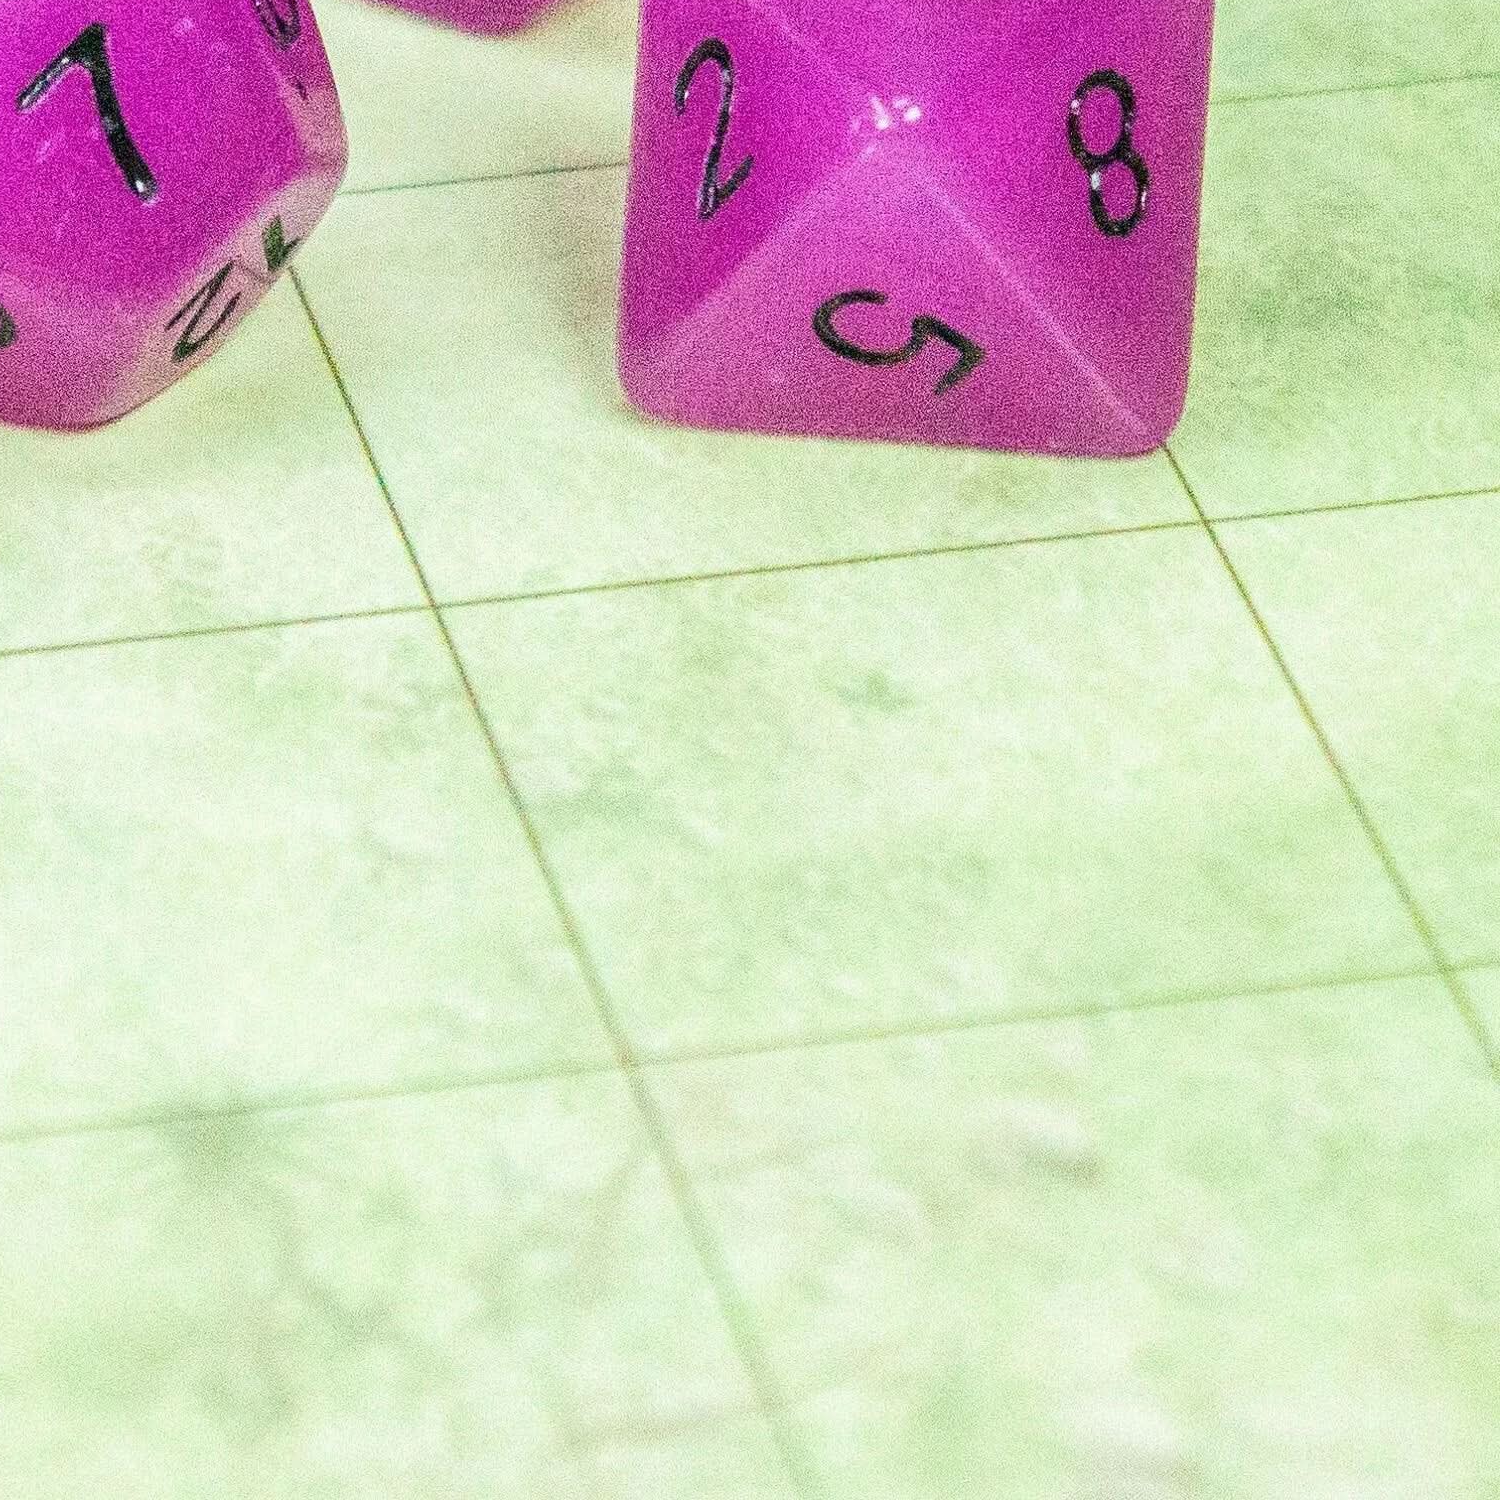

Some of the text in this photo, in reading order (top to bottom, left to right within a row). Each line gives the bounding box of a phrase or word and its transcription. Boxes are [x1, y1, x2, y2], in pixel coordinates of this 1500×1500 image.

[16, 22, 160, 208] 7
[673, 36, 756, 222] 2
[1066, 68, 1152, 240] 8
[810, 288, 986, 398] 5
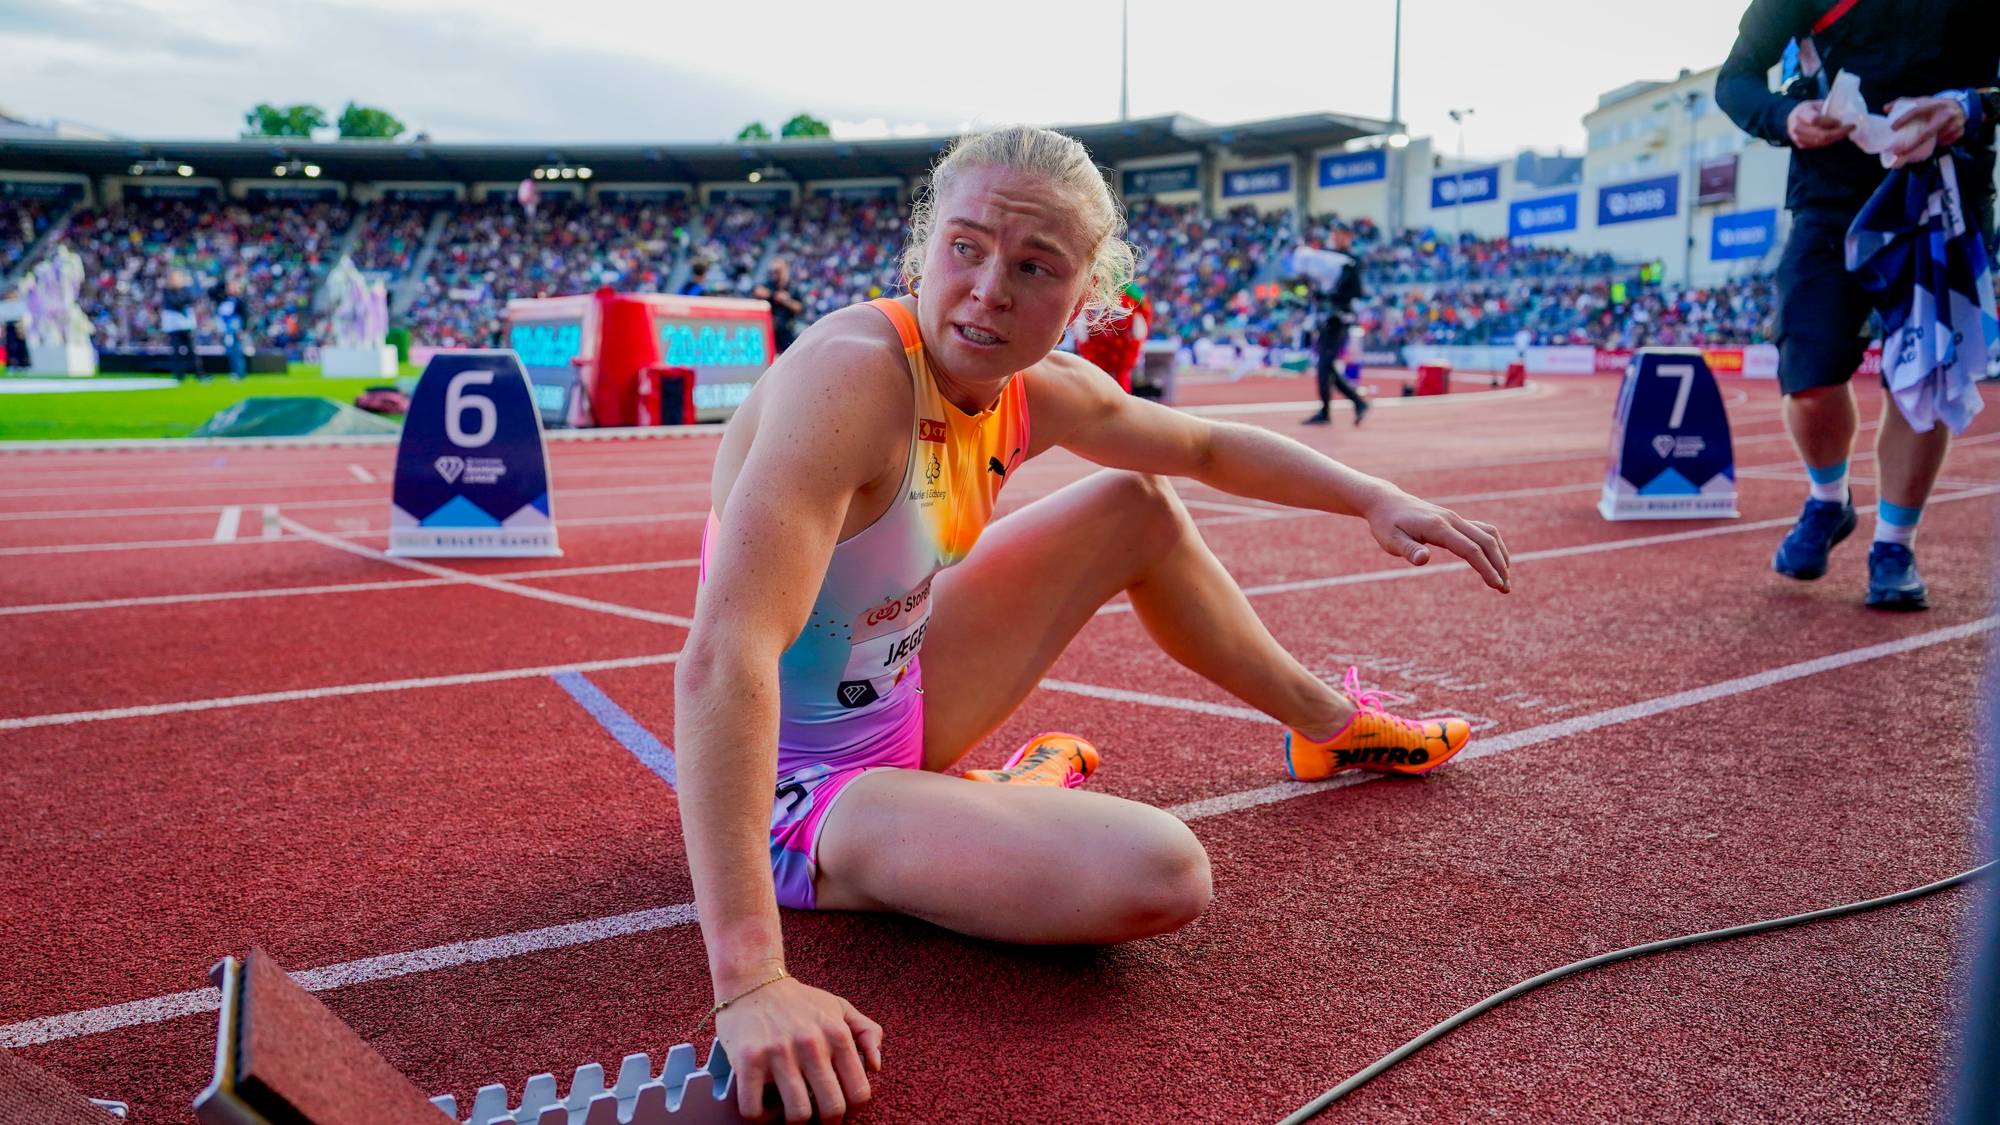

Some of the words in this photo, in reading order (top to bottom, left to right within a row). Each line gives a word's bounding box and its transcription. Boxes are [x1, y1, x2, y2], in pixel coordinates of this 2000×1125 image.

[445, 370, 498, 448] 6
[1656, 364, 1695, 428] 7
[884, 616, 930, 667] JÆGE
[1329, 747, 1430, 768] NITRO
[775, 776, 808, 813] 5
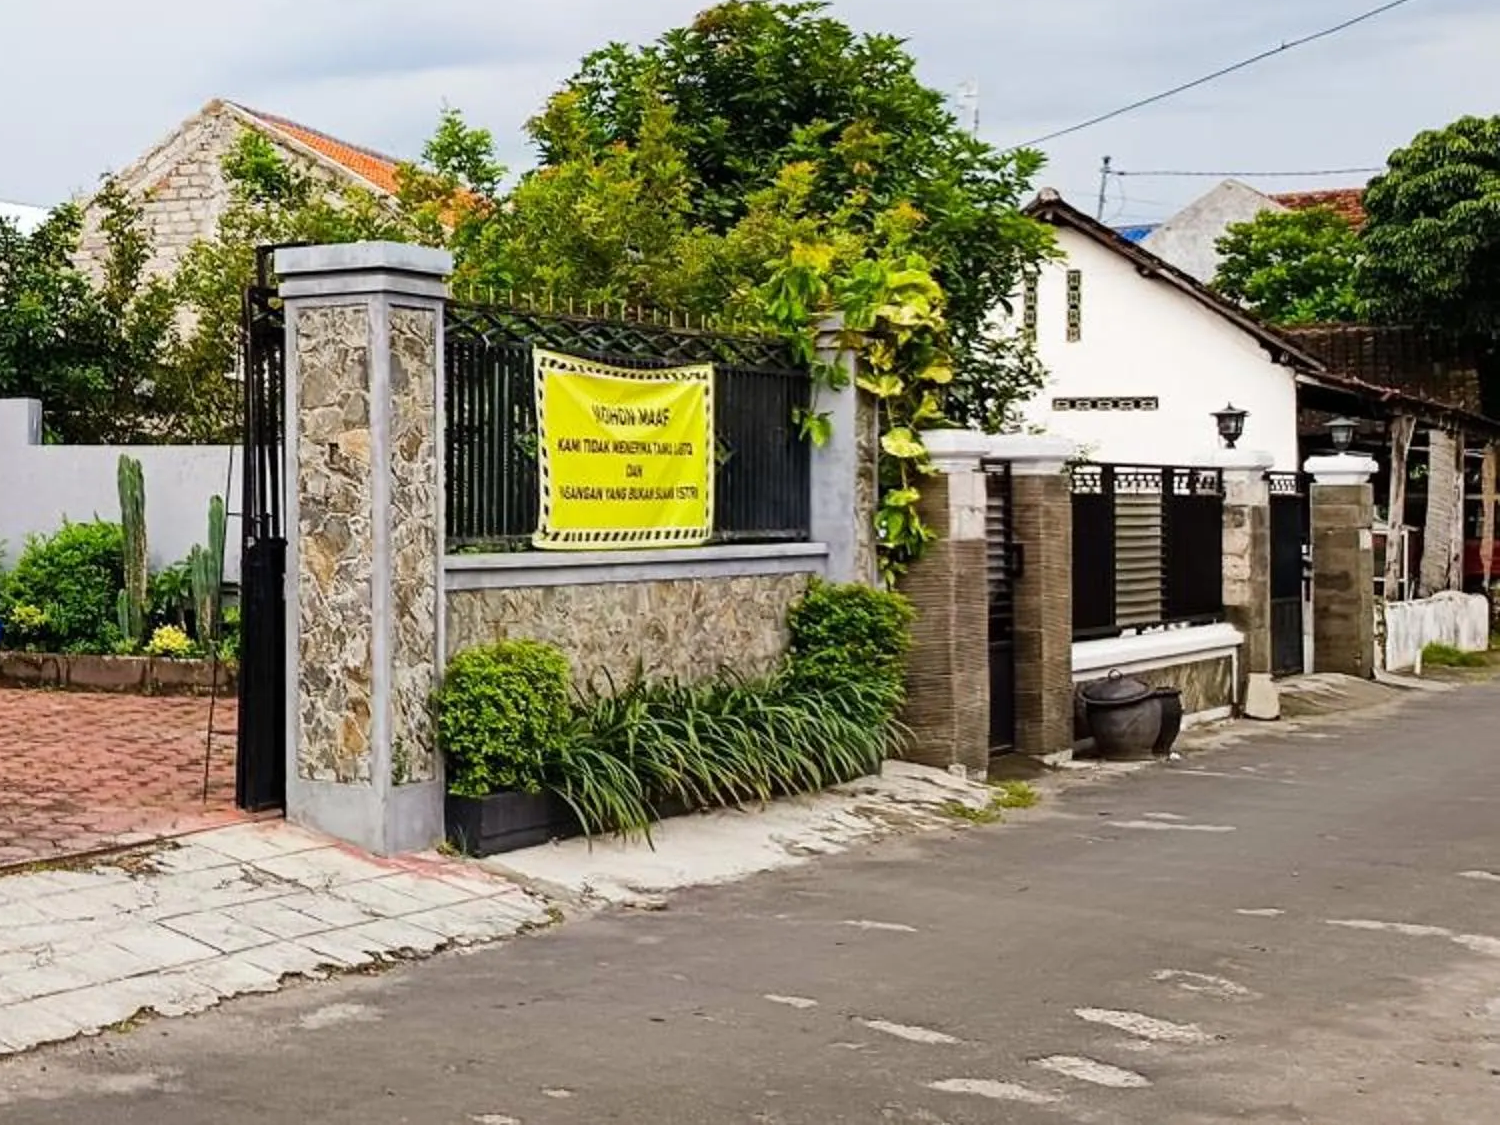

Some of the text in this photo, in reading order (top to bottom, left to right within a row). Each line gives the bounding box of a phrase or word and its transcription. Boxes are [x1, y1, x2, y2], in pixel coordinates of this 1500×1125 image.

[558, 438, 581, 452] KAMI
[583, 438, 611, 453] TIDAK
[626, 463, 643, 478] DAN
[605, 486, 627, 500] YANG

•••

_ACTIVITY:_ Beginning with the line that contains "this 1500×1125 image.", restate word for word each line through the last one in the data, and write nothing more.

_SOLVED PROBLEM:_
Some of the text in this photo, in reading order (top to bottom, left to right within a row). Each line gives the bounding box of a phrase or word and its transcription. Boxes are [x1, y1, x2, y2], in pixel coordinates of this 1500×1125 image.

[558, 438, 581, 452] KAMI
[583, 438, 611, 453] TIDAK
[626, 463, 643, 478] DAN
[605, 486, 627, 500] YANG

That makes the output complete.